By sec. 1284, R. S. 1878, it is provided that “ whenever the supervisors shall have laid out, widened, or altered any public highway through any inclosed, cultivated, or improved lands, and their determination shall not have been appealed from, they shall give the owner or occupant of such .lands notice in writing to remove his fences, within such time as they shall deem reasonable, not less than thirty days after giving such notice; but no person shall be required to remove such fences between the first day of April and the first day of November in. any year.” And sec. 1337 provides that “ no person shall be required to remove any fence, •under the” provisions of sees. 1334-1336, inclusive, “except between the first day of November and first day of April, unless the same shall have been made within three months next before the making of the order for the removal thereof.”
The laying, out of the road ovér the land of the plaintiff ■was not a taking or appropriating it to the public use. The •public acquired no right to travel upon it until a further act was done; that is, until it was opened by order of the supervisors. This, under our statute, is necessary before the public can usé the land as a highway; and until the right to use the property is vested in the public it cannot be said to be ■taken, and remains private property, and the owner can still use the land in the same manner, he did before the road was laid out. State ex rel. Evans v. James, 4 Wis. 411.

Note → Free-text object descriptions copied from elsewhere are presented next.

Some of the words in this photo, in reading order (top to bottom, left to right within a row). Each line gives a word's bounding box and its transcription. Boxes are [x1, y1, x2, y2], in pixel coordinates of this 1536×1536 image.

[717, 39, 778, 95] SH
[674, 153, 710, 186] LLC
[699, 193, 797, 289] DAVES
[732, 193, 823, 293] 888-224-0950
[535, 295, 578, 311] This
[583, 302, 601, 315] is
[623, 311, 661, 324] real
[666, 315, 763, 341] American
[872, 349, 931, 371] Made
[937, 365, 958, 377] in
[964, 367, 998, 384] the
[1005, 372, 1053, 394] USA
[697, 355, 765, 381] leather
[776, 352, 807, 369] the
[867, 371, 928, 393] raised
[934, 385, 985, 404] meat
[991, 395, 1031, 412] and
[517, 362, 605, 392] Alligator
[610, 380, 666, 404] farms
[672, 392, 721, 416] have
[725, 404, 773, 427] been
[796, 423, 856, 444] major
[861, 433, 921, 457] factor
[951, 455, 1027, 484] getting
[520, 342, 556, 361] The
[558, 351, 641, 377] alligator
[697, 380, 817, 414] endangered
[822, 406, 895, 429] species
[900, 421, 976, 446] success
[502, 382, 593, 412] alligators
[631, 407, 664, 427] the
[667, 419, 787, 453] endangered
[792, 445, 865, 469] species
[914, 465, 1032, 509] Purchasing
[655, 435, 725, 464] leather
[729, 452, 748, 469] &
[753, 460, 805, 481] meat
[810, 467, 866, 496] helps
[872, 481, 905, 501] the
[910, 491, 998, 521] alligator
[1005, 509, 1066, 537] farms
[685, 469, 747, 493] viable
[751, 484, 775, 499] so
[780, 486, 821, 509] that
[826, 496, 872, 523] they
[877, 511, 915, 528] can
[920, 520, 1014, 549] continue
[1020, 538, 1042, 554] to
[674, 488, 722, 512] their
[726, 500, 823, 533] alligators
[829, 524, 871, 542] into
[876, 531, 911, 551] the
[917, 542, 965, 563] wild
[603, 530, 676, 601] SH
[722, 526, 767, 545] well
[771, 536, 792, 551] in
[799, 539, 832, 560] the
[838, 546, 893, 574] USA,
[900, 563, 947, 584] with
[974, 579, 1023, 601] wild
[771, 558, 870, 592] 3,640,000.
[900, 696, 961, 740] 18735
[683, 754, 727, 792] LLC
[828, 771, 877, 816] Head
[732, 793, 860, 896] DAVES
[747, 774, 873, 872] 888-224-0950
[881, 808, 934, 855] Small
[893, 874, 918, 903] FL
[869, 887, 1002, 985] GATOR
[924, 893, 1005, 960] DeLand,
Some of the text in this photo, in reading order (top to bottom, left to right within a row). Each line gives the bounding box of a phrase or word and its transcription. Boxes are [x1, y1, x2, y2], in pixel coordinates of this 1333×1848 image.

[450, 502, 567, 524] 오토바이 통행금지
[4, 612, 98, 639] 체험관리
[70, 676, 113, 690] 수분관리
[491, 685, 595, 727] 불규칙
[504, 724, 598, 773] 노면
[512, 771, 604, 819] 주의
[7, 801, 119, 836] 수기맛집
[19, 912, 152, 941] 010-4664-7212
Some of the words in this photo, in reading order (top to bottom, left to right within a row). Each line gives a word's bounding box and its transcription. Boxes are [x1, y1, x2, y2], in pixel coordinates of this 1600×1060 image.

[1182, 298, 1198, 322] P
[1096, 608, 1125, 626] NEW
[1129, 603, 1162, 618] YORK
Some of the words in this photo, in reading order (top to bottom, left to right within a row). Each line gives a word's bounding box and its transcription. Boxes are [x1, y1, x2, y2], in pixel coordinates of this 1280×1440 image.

The orders and notices show upon their face that, when - *494they were made and given, the fence then existed and was maintained as contended by the plaintiff, and there was no evidence produced by the defendant to show th'at the highway had been legally opened over and upon the plaintiff’s land, or that the fence in question had been built or made within three months next before the making of said orders for the removal thereof. Both the orders or notices directed to and served on the plaintiff were wholly void, for the reason that they required him to remove said fence between the 1st day of April and the 1st day of November, the first requiring him to remove it within forty-five days after the service thereof, September 27, 1893, and the other, served October 25, 1896, requiring him. to remove the same within thirty days after such service on him. Both orders and notices were nullities. State v. Egerer, 55 Wis. 527; State v. Clark, 67 Wis. 229. By making the order of September 27, 1893, and by serving a copy of it, the supervisors, as the court said in State v. Egerer, supra, required the plaintiff to-remove his fence during the inhibited period. This is precisely what sec. 1337, R. S. 1878, provides shall not be done between April 1st and November 1st, yet the order in question was made September 26, and served September 27,1893; and the same was true as to the order made and served October 25, 1896.
Until a valid notice or order had been served upon him, the plaintiff had a right to use and occupy the loans in quo, and to maintain his fences thereon at his pleasure. It could not be considered an obstruction to the highway until he had been lawfully required by the supervisors to open it. As was held in State v. Clark, supra, the service of a void notice would not set the time running against the defendant in which he was by law required to remove his fence; and Taylob, J., in delivering the opinion of the court, said: “The statute is clear that a party cannot be required to remove his fences from within the boundaries of a highway *495at any time between the 1st day of April and the 1st day of November in any year, and a notice which requires him to remove such fences within such dates is a void notice. R. S. sec. 1337; State v. Egerer, 55 Wis. 527.” This defect exists in, and is fatal to, both notices. Eor this reason the defense insisted on by the defendant wholly failed, and the circuit court properly directed the jury to return a verdict for the plaintiff for the amount of damages he had sustained; and the court properly denied the defendant’s motion to set it aside and grant a new trial.
Other questions were made and argued, but, upon the whole record, it is entirely clear that the rulings of the circuit court were correct.
By the Court.— The judgment of the circuit court is affirmed.